A soft robotic hand that’s far closer in function, and feel, to the human hand was unveiled at the University of Wollongong’s Innovation campus on Thursday.
The prototype responds to signals from the brain like a regular hand via an interface placed on arm muscles, and is both lightweight and low cost.
Lead researcher Professor Gursel Alici said the prototype took advantage of advances in smart materials and 3D printing at the ARC Centre of Excellence for Electromaterials Science (ACES).
‘’Users of prosthetic hands only use them for about a third of the tasks they could – because they are hard and heavy, and not as intuitive as they’d like,’’ Prof Alici said.
‘’By using the smart materials developed at ACES, we have created a soft robotic hand that can be strong and carry heavy objects, but is lightweight and soft to touch.
‘’Current robotic prosthetics also have a number of joins, whereas 3D printing allows us to make one continuous structure which improves functionality and control.’’
Prof Alici said the latest prototype – which could be publicly available within two years – was one step closer to a regular hand.
‘’The hand is one of the most important parts of our body – it’s the most significant interface between a person and their environment,’’ he said. ‘’We have used the progress in smart, functional materials to create a robotic hand that has a better interface and interaction with the environment – and allows the user to make more lifelike movements.’’

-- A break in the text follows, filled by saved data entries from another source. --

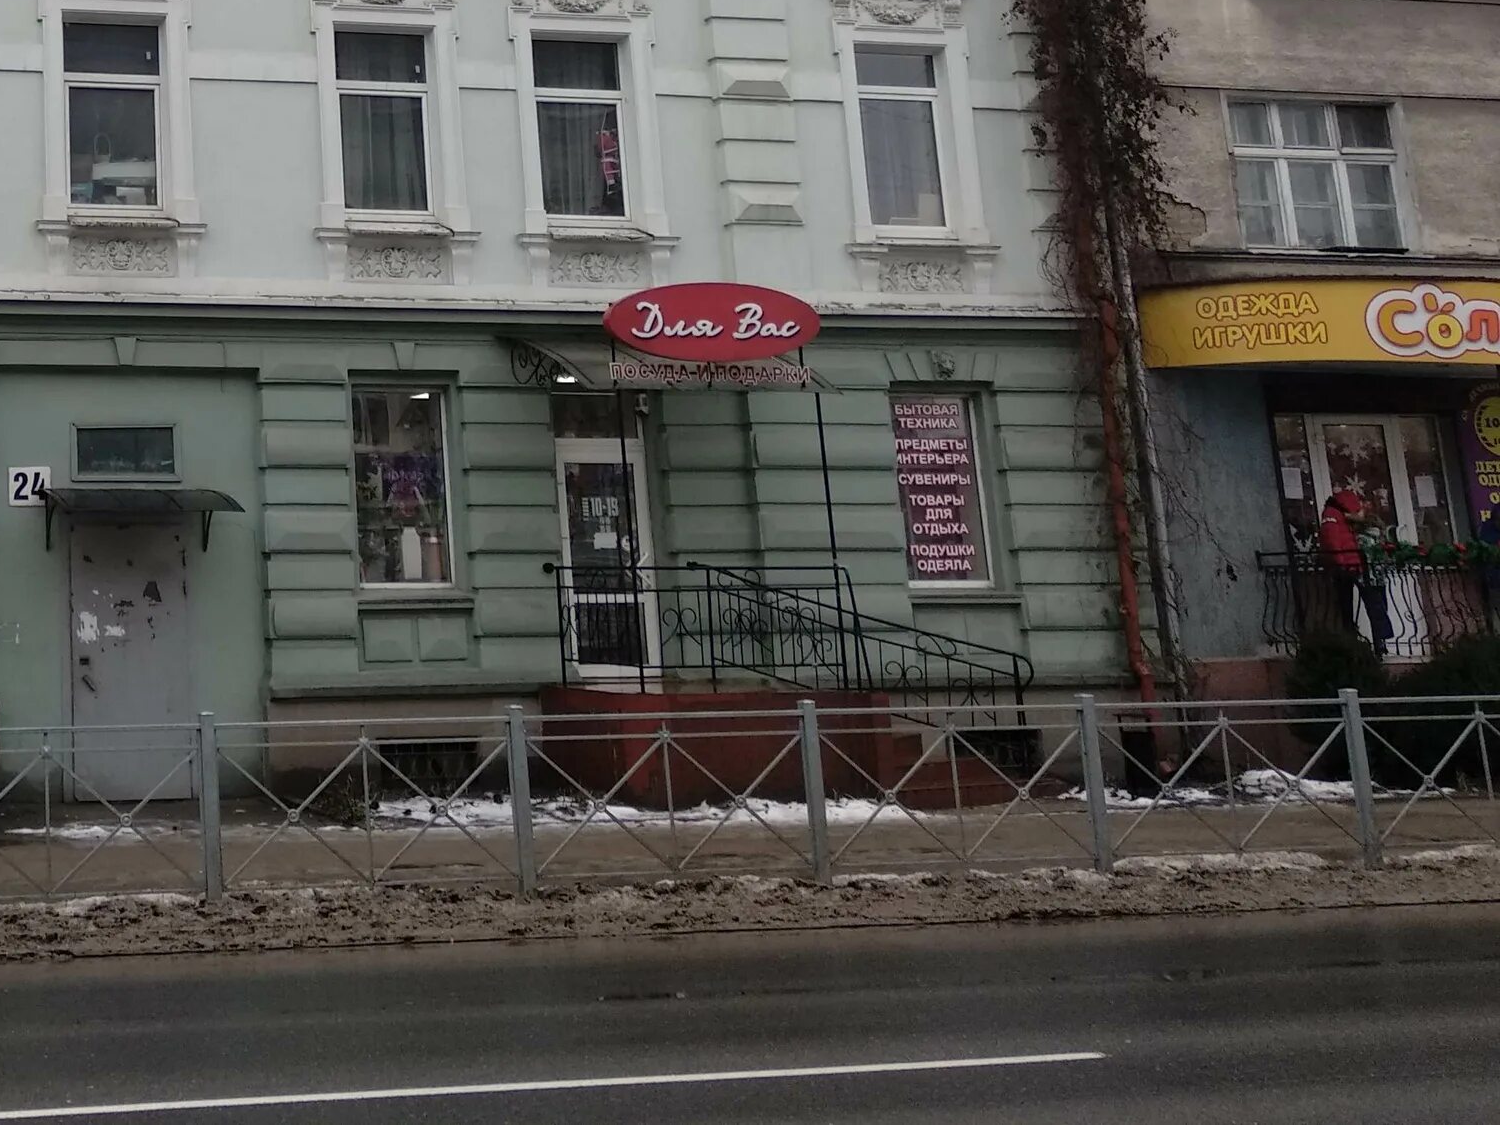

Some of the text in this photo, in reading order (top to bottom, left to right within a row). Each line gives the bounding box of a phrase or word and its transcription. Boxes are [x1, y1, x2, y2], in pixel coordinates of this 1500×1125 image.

[1196, 292, 1318, 321] ОДЕЖДА
[632, 301, 801, 340] Для Вас
[1193, 322, 1328, 349] ИГРУШКИ
[609, 362, 691, 383] ПОСУДА
[715, 363, 811, 383] ПОДАРКИ
[895, 404, 959, 416] БЫТОВАЯ
[898, 418, 957, 429] ТЕХНИКА
[895, 439, 967, 451] ПРЕДМЕТЫ
[899, 474, 971, 485] СУВЕНИРЫ
[14, 472, 45, 500] 24
[909, 495, 965, 506] ТОВАРЫ
[926, 509, 953, 521] ДЛЯ
[913, 523, 969, 535] ОТДЫХА
[911, 545, 975, 557] ПОДУШКИ
[918, 560, 972, 573] ОДЕЯЛА

The prototype is low-power, and will have an extended lifespan compared to current prosthetics. ‘’We have made it more durable, more robust and longer lasting than prosthetic hands now available,’’ Prof Alici said.
The team will now refine the prototype by replacing the motors with artificial muscles, and improving the interface that translates brain signals into movement.

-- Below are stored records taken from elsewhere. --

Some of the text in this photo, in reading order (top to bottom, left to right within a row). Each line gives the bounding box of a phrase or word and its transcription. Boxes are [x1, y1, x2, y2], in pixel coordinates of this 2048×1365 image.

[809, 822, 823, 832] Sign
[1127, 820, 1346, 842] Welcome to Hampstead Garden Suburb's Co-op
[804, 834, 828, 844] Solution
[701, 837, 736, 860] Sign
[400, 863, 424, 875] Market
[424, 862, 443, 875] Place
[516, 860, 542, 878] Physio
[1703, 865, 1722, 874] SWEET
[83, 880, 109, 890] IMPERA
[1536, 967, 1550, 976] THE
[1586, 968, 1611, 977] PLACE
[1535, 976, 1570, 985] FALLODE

‘’We will be making it even more user-friendly by creating a minimally invasive interface from the brain to the nerves, from the nerves to the muscles, from the muscles to the hand and fingers,’’ he said.
‘’So options like an implantable interface, or soft printable material on the arm instead of wires and electrodes.’’

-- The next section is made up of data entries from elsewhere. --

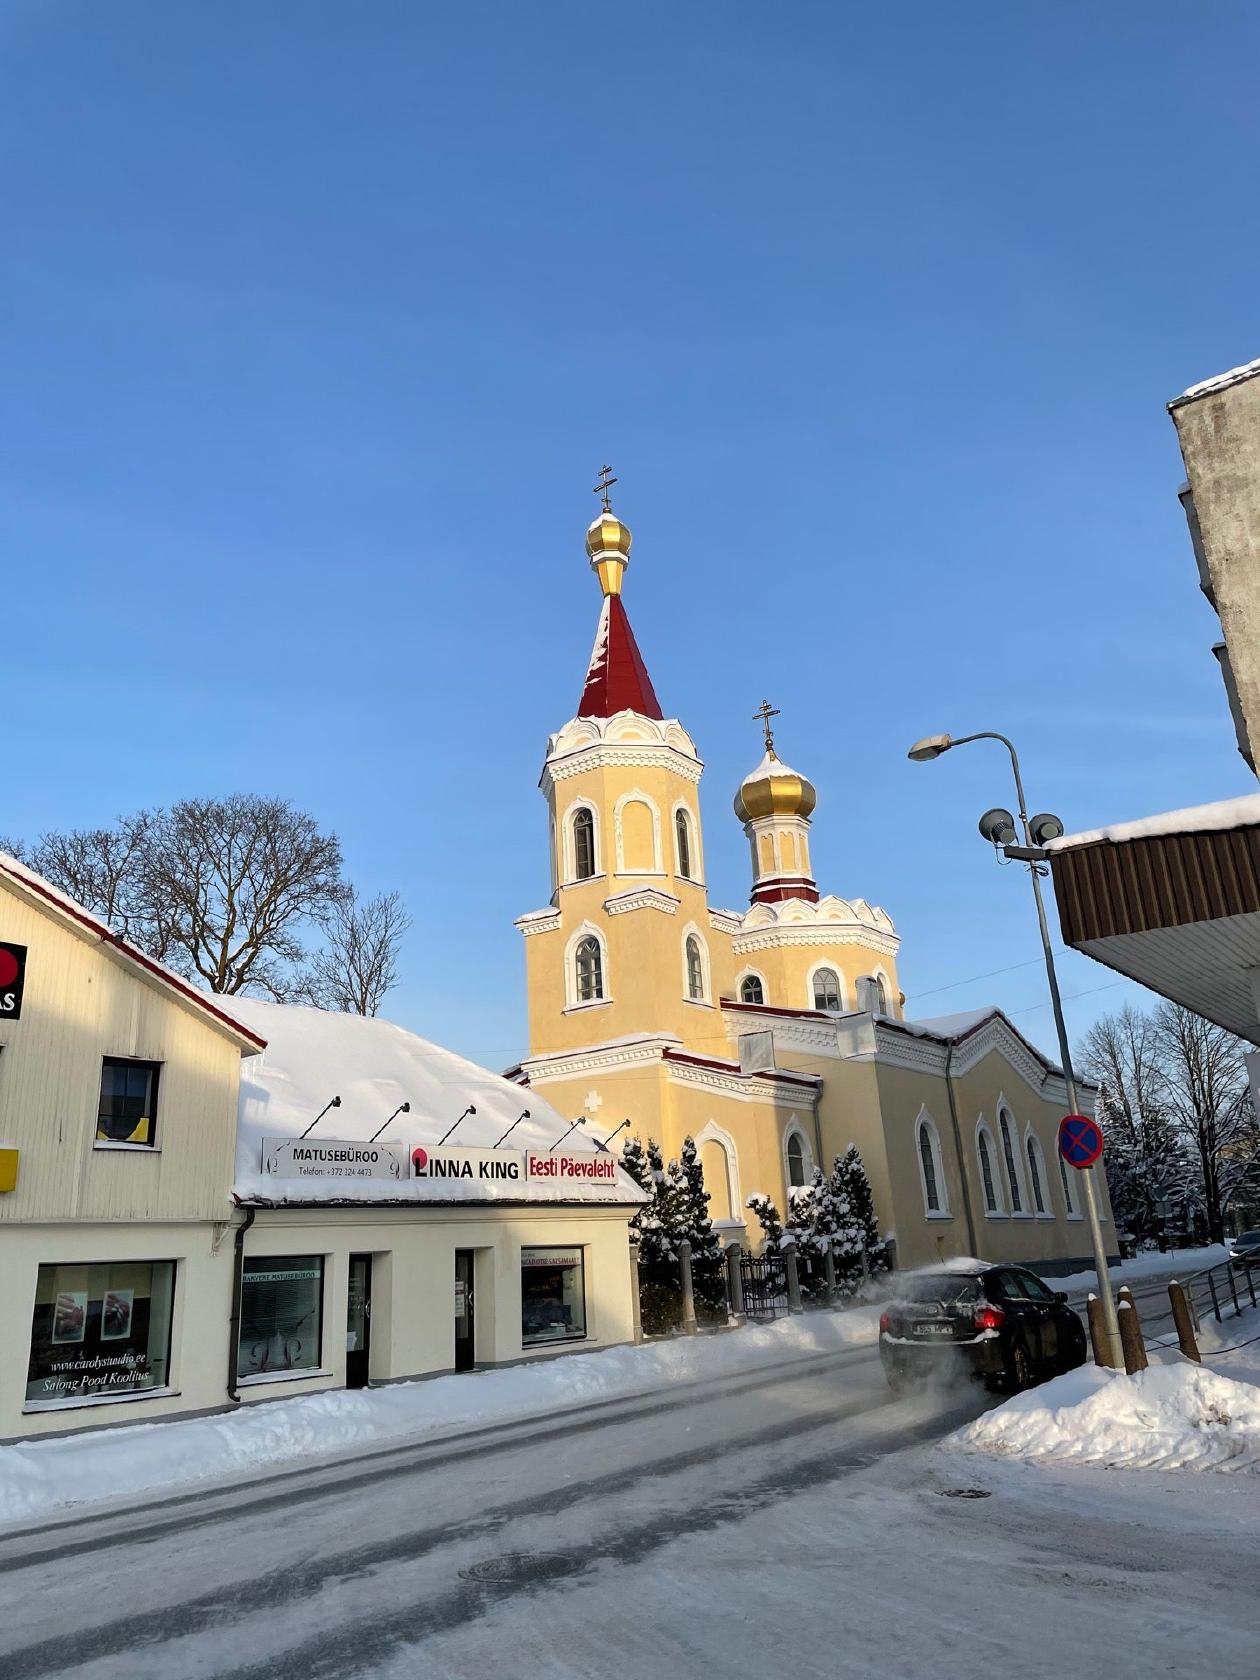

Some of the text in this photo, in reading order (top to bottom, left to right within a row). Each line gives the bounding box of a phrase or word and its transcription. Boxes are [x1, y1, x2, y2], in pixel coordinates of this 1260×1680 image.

[0, 992, 15, 1011] S
[293, 1147, 379, 1163] MATUSEBÜROO
[299, 1166, 325, 1177] Telefon:
[327, 1167, 342, 1177] +372
[415, 1157, 519, 1180] LINNA KING
[529, 1156, 616, 1179] Eesti Päevaleht
[43, 1370, 150, 1392] Salong Pood Koolitus

They will also further explore smart materials to help users not only grasp objects, but provide feedback on their size, shape and temperature.
Prof Alici demonstrated the prototype, along with ACES Research Fellow Dr Rahim Mutlu, at an international electromaterials symposiusm at the Innovation Campus.
ACES executive research director Professor Gordon Wallace said it was a great example of the practical applications of smart materials.
‘’We have developed a suite of materials that can be used for externally worn prosthetics as well as internal prosthetics, such as better bionic ears and cartilage and corneal regeneration,’’ Prof Wallace said.